AFAIK jpg has a limit of 30x30k pixels, which should be 900Mpx x 3(RGB) = 2.7GB file and memory requirements for the texture alone. And even at that resolution every pixel will cover 5x5cm of ground (1500x1500m), which means that at ground level it will look very pixellated. IMO you will get big problems trying to cover that big area with one single bitmap.
A golf course have large areas with grass, sand etc, quite distinctly separated from each others, which makes this very suitable for repeating textures like used in SU.
I don't know if Lumion can use layered textures etc, so that you could get borders between textures softened, like in that Unity-pic? That's the way I think I would've done it in LightWave anyway.

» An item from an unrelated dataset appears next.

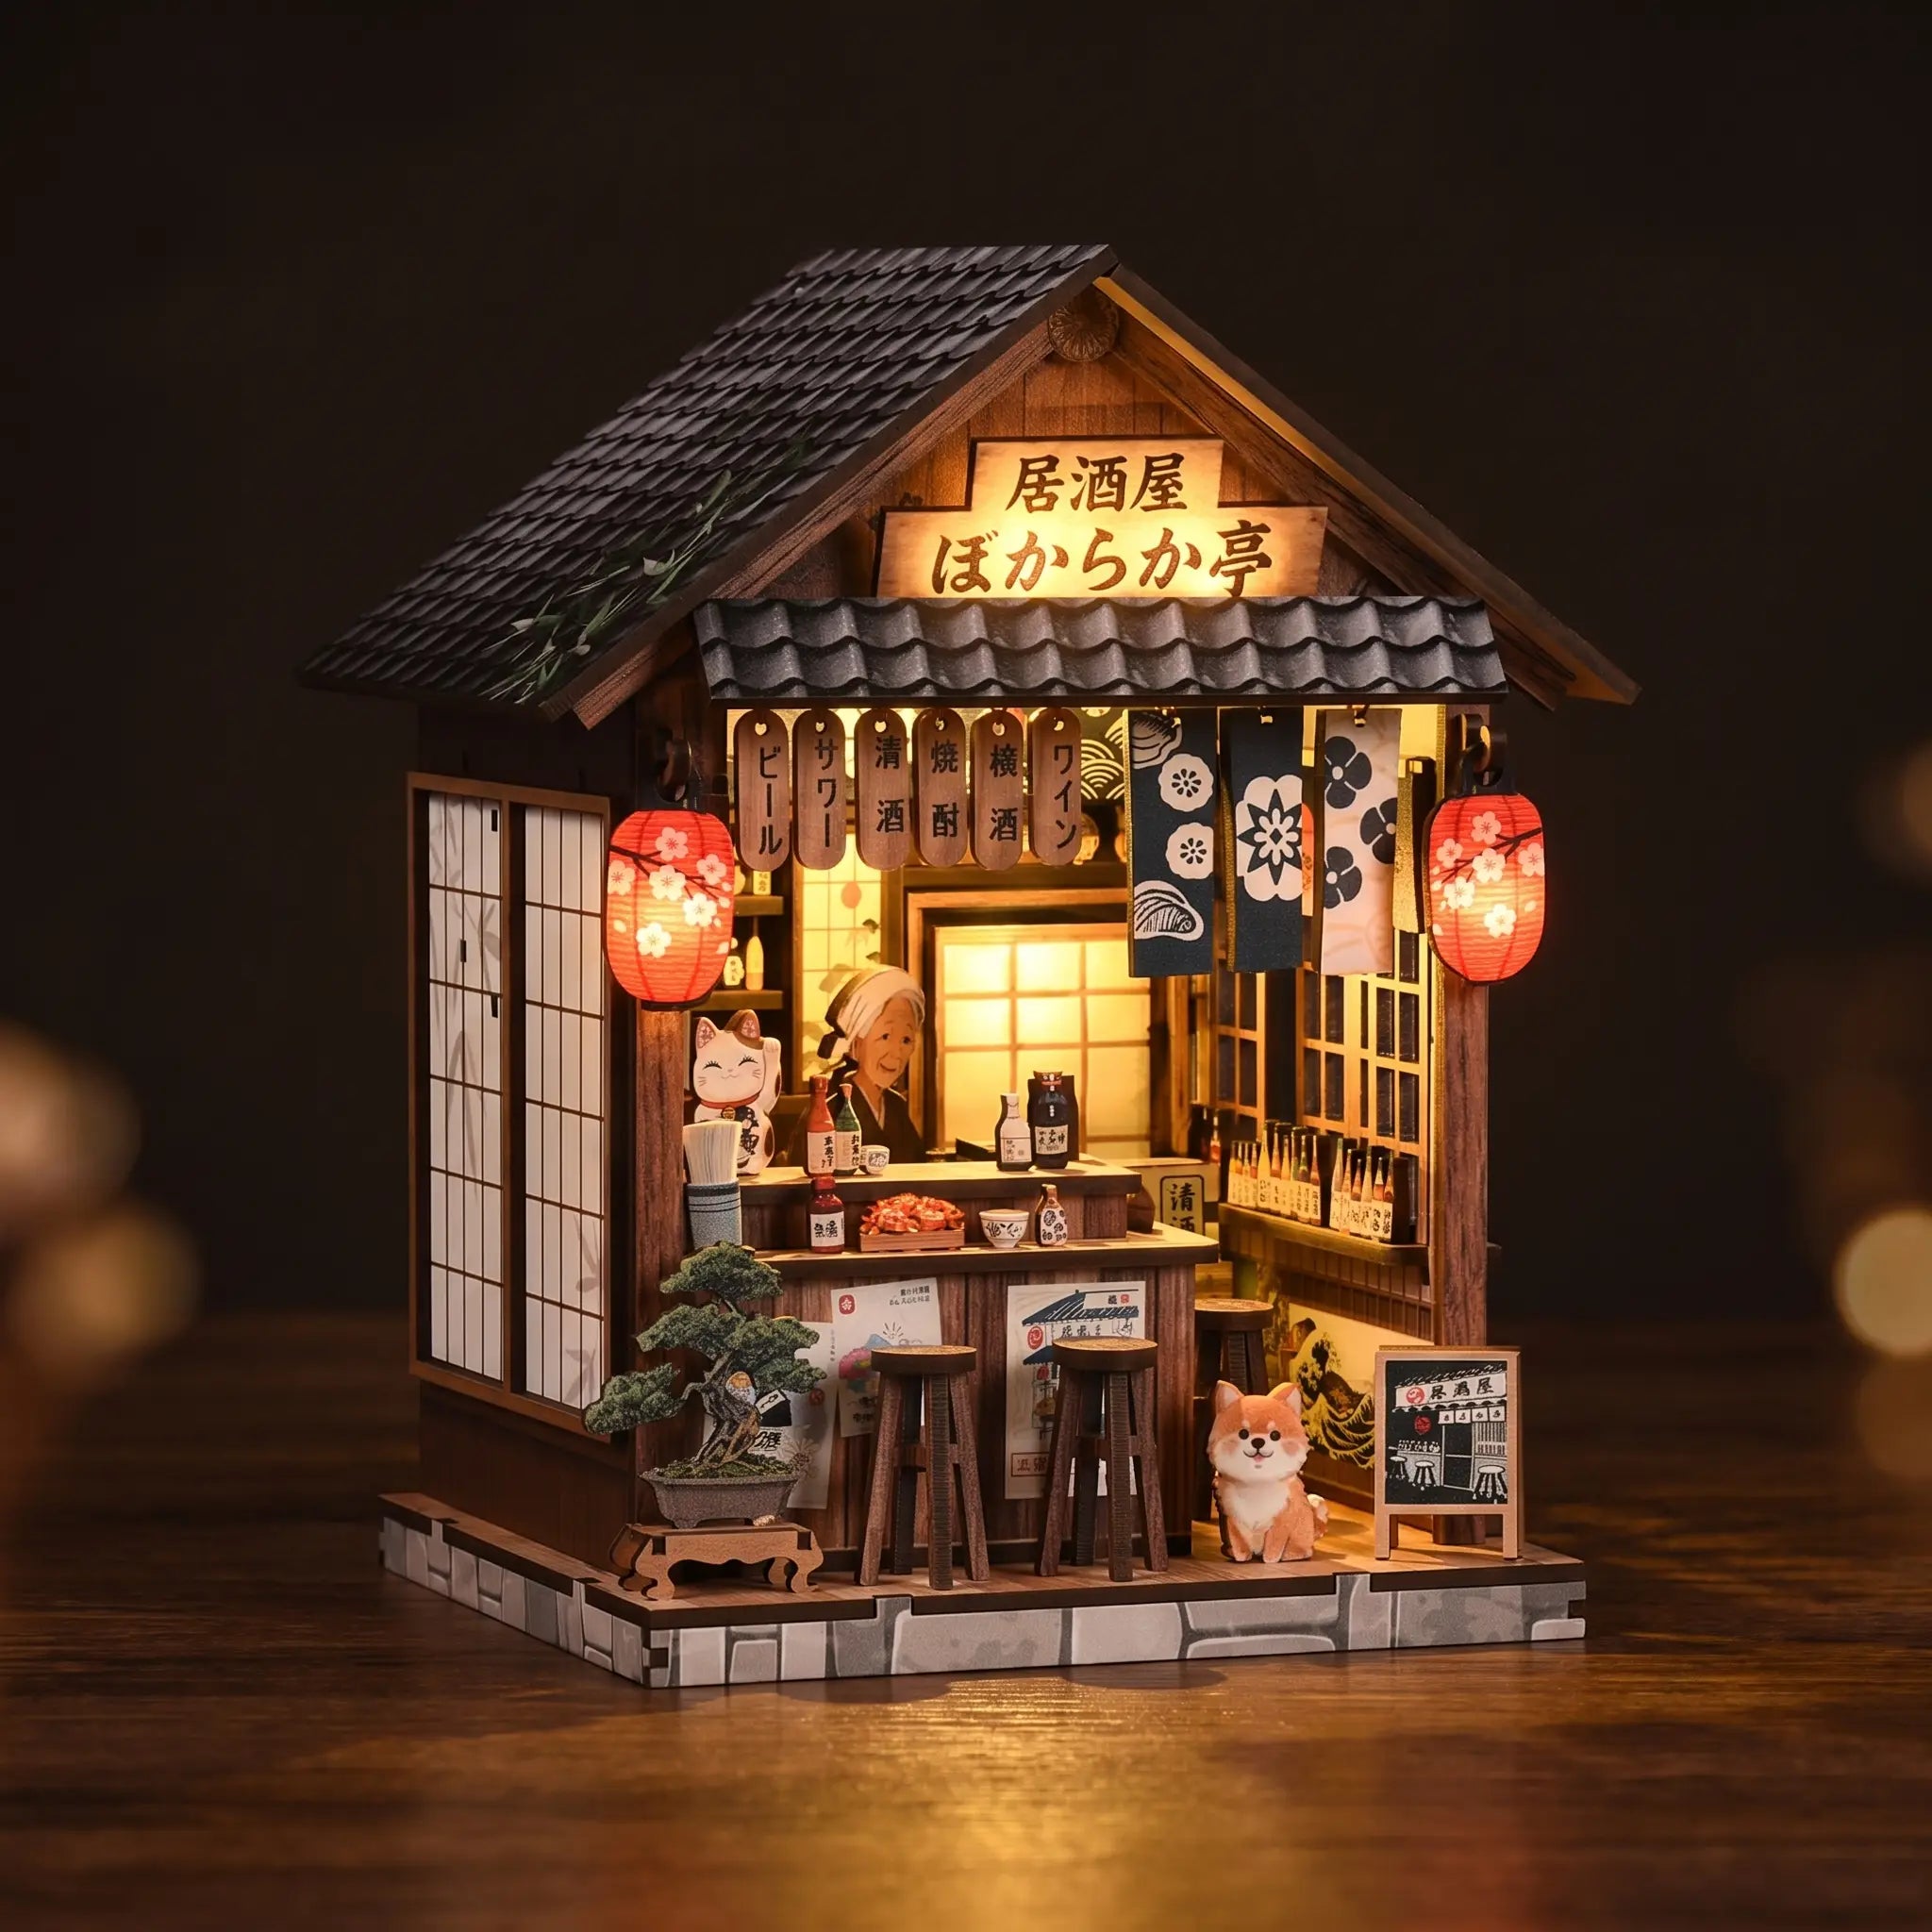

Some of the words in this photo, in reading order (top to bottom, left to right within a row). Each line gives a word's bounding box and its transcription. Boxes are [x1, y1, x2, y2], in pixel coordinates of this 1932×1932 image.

In SU maybe you could apply a smooth grass texture to everything, and then cut out areas that should have a different texture like sand/gravel etc. Select the faces and group them. Edit the group and select all faces except for the outmost ring and group them again. Move/copy upwards 1m (for now).Explode the orignal group and delete the center part/group (optional, but will save yo some polys as it will not be visible anyway). Now you have a copy of that area with one ring of overlap. Lower the group 99cm and set it to not cast shadows. Make a png32 texture with sand/gravel tex for the entire group, where you use the overlap area for blending with alpha channel. You could paint transparency with a grass brush or whatever you like - or just make an alpha gradient like in that Unity pic?
Or just leave the borders hard, with no blending (and no grouping etc)?
It depends on the level of realism you want, and the amount of time you're willing to spend. -
I would also not use a single image for such a large area. Lumion would look very much like that Unity3D screenshot (yes, the different terrain materials blend in nicely with a fall-off in Lumion) but the Lumion terrain is a procedural terrain so no matter how much you zoom in (say to "normal" levels like eye level), it will not fall apart.
Making this in SU should not be an issue. You can even project a smaller version of your image in SU and reload that with a higher resolution one in Lumion. But what Bjorn says about resolution and such, makes sense.
If you wish, I can export it for you to Lumion (although for this, the simple Demo version would be good too) so that you can have a look how it would look.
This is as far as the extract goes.